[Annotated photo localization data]
◆ ◆ ◆ ◆ ◆ ◆ ◆

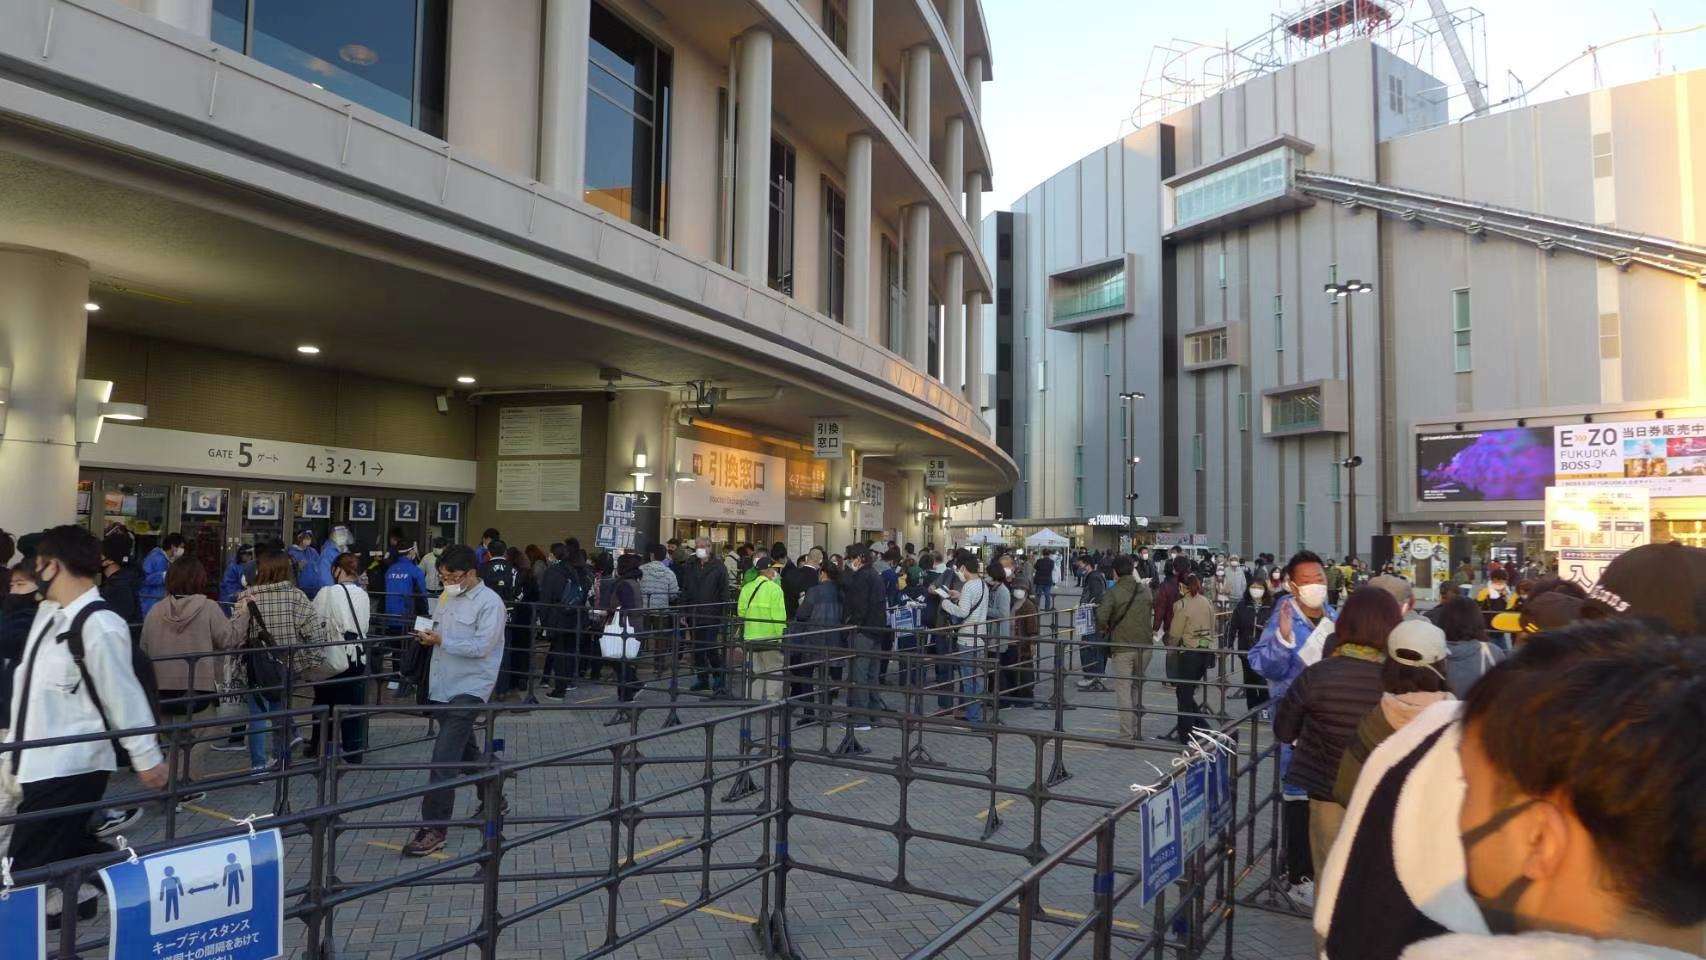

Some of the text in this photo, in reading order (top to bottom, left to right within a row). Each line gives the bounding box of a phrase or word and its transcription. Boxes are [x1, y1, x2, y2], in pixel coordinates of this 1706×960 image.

[817, 422, 839, 435] 引換
[1622, 424, 1705, 438] 当日券販売中
[817, 437, 839, 448] 窓口
[208, 448, 233, 459] GATE
[238, 442, 253, 468] 5
[257, 453, 279, 463] ゲート
[1560, 448, 1618, 459] FUKUOKA
[709, 451, 765, 491] 引換窓口
[199, 494, 211, 509] 6
[258, 498, 269, 514] 5
[312, 500, 322, 514] 4
[358, 502, 367, 516] 3
[403, 505, 412, 518] 2
[445, 507, 452, 519] 1
[152, 918, 251, 955] キープディスタンス
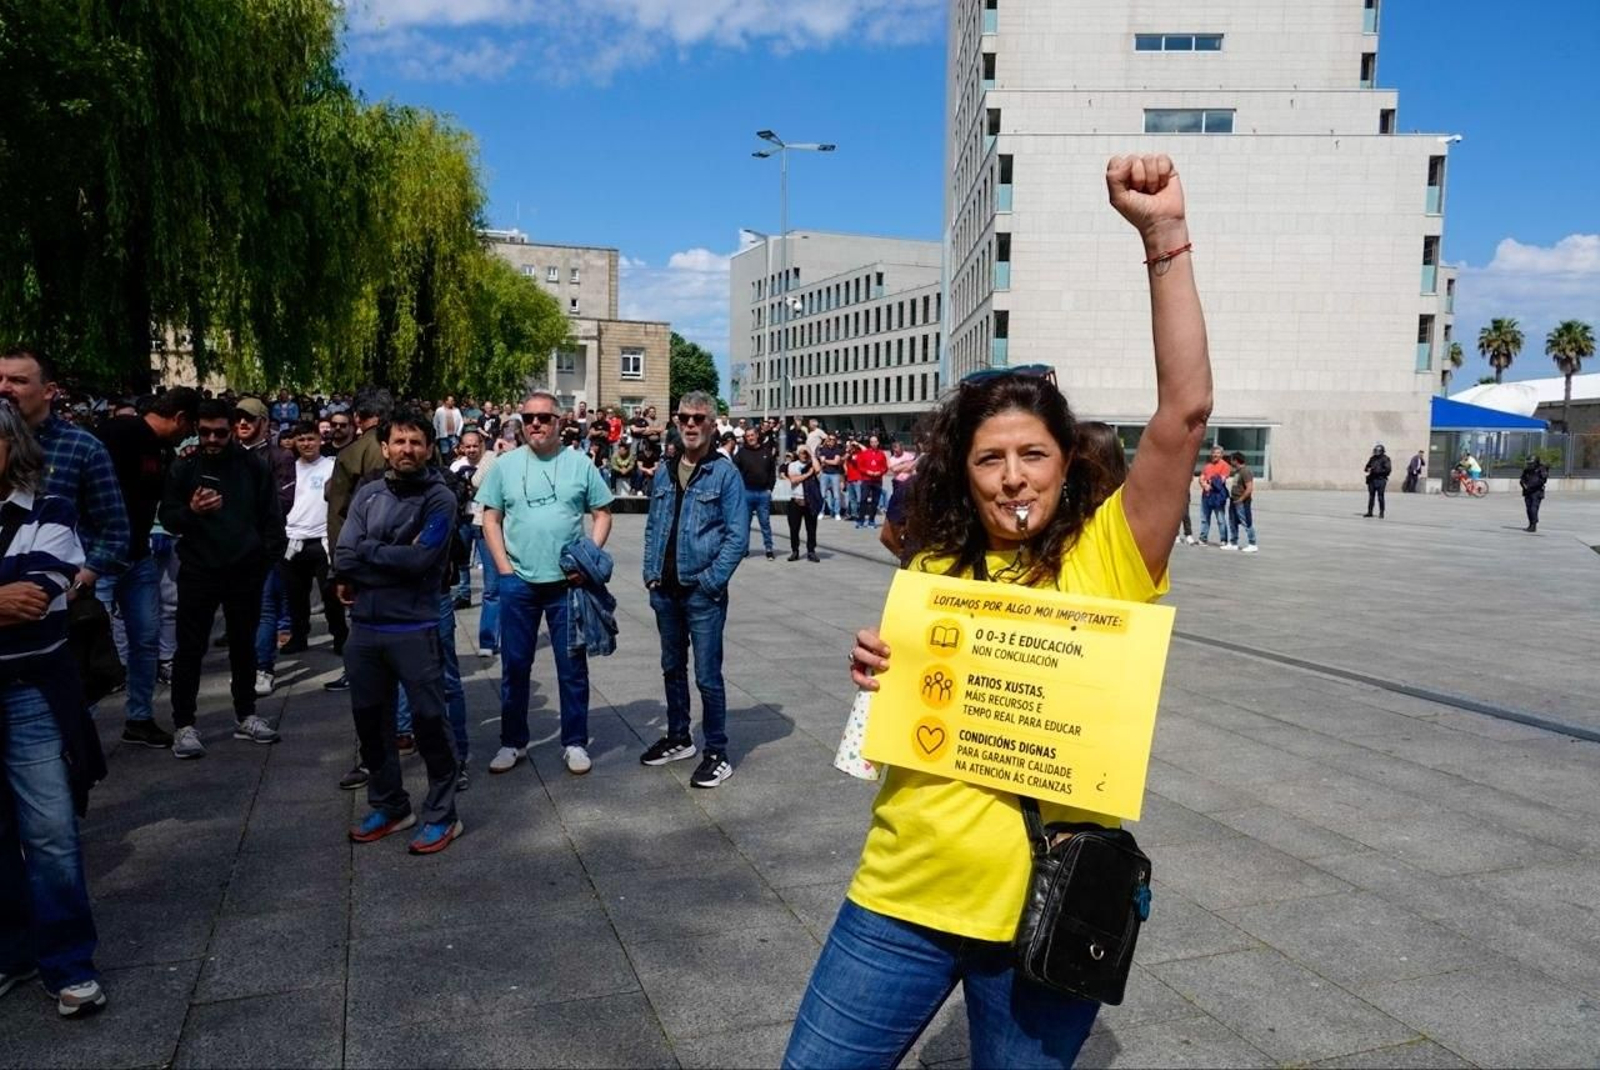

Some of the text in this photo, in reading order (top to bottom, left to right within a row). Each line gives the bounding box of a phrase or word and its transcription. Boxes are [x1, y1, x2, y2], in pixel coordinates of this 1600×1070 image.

[933, 595, 1123, 626] LOITAMOS POR ALGO MOI IMPORTANTE:
[972, 644, 1059, 668] NON CONCILIACIÓN
[976, 628, 1084, 658] O 0-3 É EDUCACIÓN,
[964, 690, 1042, 713] MÁIS RECURSOS E
[967, 674, 1045, 699] RATIOS XUSTAS,
[963, 704, 1082, 736] TEMPO REAL PARA EDUCAR
[959, 730, 1056, 759] CONDICIÓNS DIGNAS
[956, 744, 1072, 779] PARA GARANTIR CALIDADE
[954, 759, 1072, 795] NA ATENCIÓN ÁS CRIANZAS
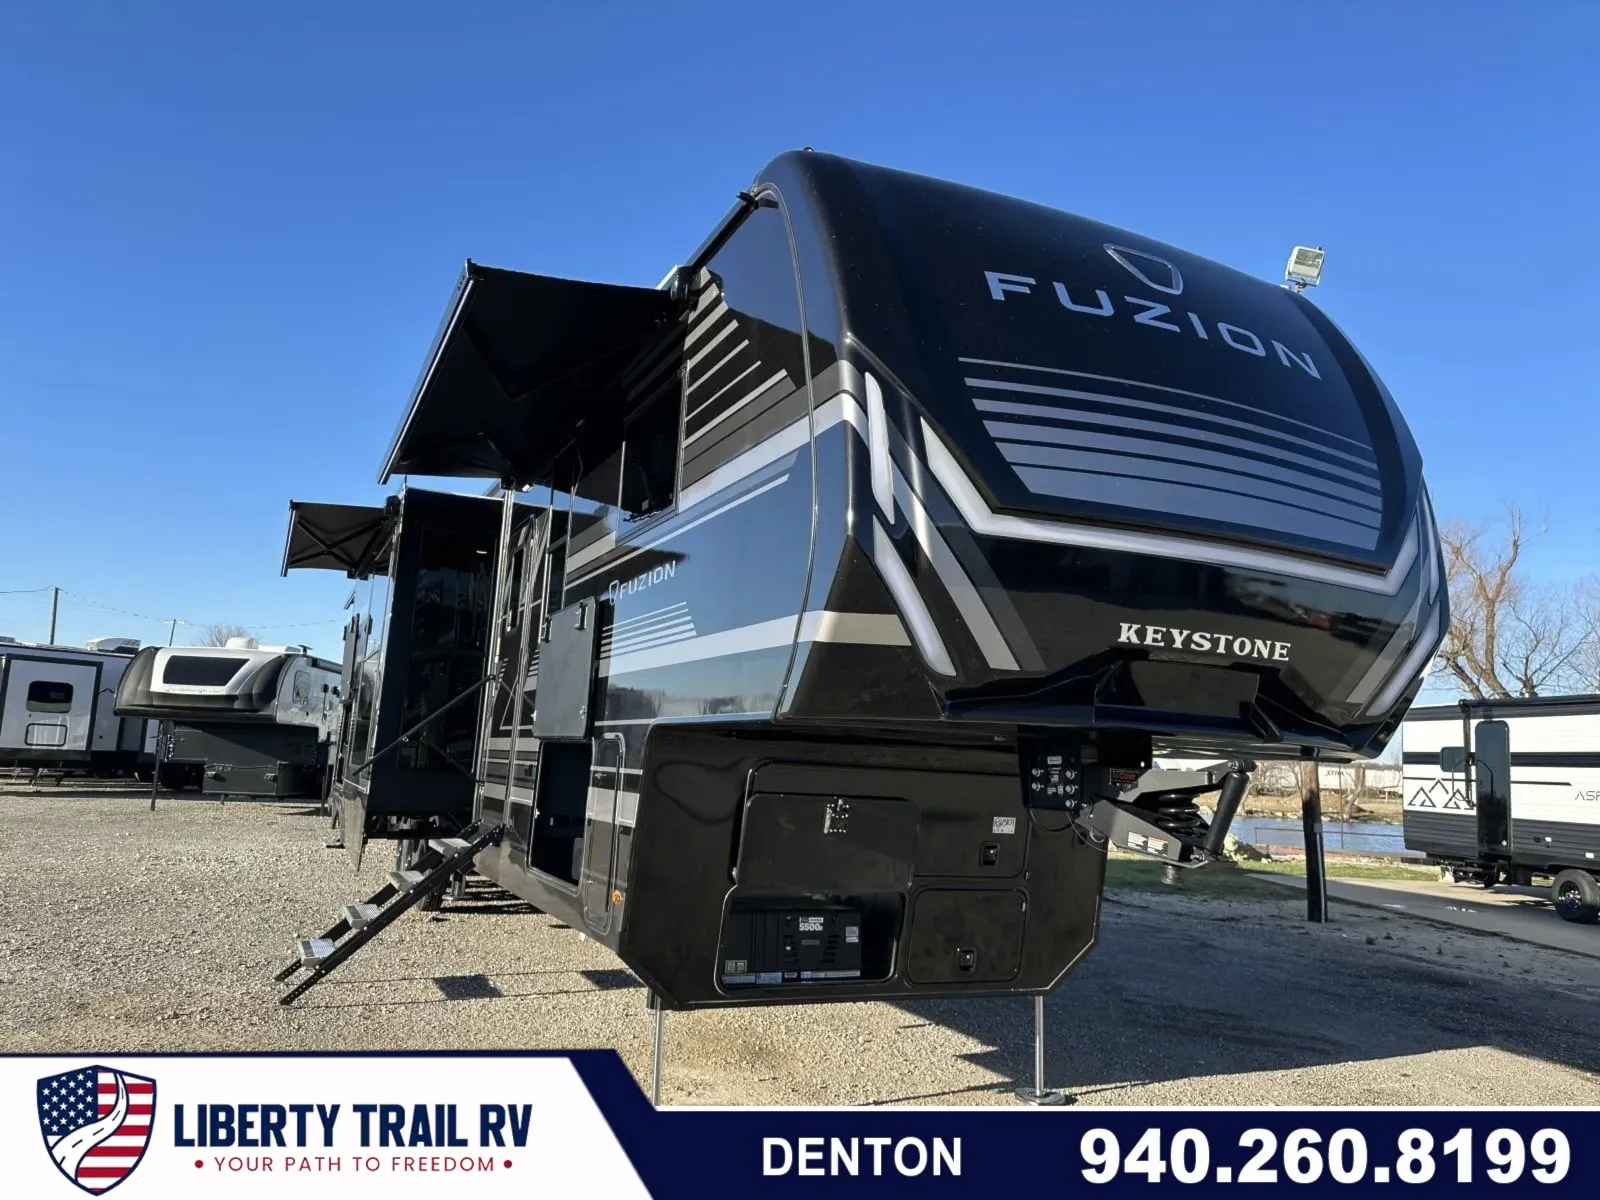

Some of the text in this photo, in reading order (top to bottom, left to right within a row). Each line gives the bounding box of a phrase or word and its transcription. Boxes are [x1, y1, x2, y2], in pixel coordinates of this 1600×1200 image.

[984, 270, 1322, 381] FUZION
[619, 560, 676, 600] FUZION
[1117, 622, 1292, 662] KEYSTONE

◆ ◆ ◆ ◆ ◆ ◆ ◆

# Exercise prompt:
This exercise calls for a verbatim output of the entries, pictures omitted.

# Task response:
Some of the text in this photo, in reading order (top to bottom, left to right within a row). Each line gives the bounding box of a phrase or word and its transcription. Boxes are [x1, y1, x2, y2], in pixel coordinates of this 1706×960 image.

[817, 422, 839, 435] 引換
[1622, 424, 1705, 438] 当日券販売中
[817, 437, 839, 448] 窓口
[208, 448, 233, 459] GATE
[238, 442, 253, 468] 5
[257, 453, 279, 463] ゲート
[1560, 448, 1618, 459] FUKUOKA
[709, 451, 765, 491] 引換窓口
[199, 494, 211, 509] 6
[258, 498, 269, 514] 5
[312, 500, 322, 514] 4
[358, 502, 367, 516] 3
[403, 505, 412, 518] 2
[445, 507, 452, 519] 1
[152, 918, 251, 955] キープディスタンス

Some of the text in this photo, in reading order (top to bottom, left to right within a row). Each line gives the bounding box of a phrase or word and its transcription. Boxes are [x1, y1, x2, y2], in pixel coordinates of this 1600×1070 image.

[933, 595, 1123, 626] LOITAMOS POR ALGO MOI IMPORTANTE:
[972, 644, 1059, 668] NON CONCILIACIÓN
[976, 628, 1084, 658] O 0-3 É EDUCACIÓN,
[964, 690, 1042, 713] MÁIS RECURSOS E
[967, 674, 1045, 699] RATIOS XUSTAS,
[963, 704, 1082, 736] TEMPO REAL PARA EDUCAR
[959, 730, 1056, 759] CONDICIÓNS DIGNAS
[956, 744, 1072, 779] PARA GARANTIR CALIDADE
[954, 759, 1072, 795] NA ATENCIÓN ÁS CRIANZAS

Some of the text in this photo, in reading order (top to bottom, left to right within a row). Each line gives the bounding box of a phrase or word and its transcription. Boxes are [x1, y1, x2, y2], in pixel coordinates of this 1600×1200 image.

[984, 270, 1322, 381] FUZION
[619, 560, 676, 600] FUZION
[1117, 622, 1292, 662] KEYSTONE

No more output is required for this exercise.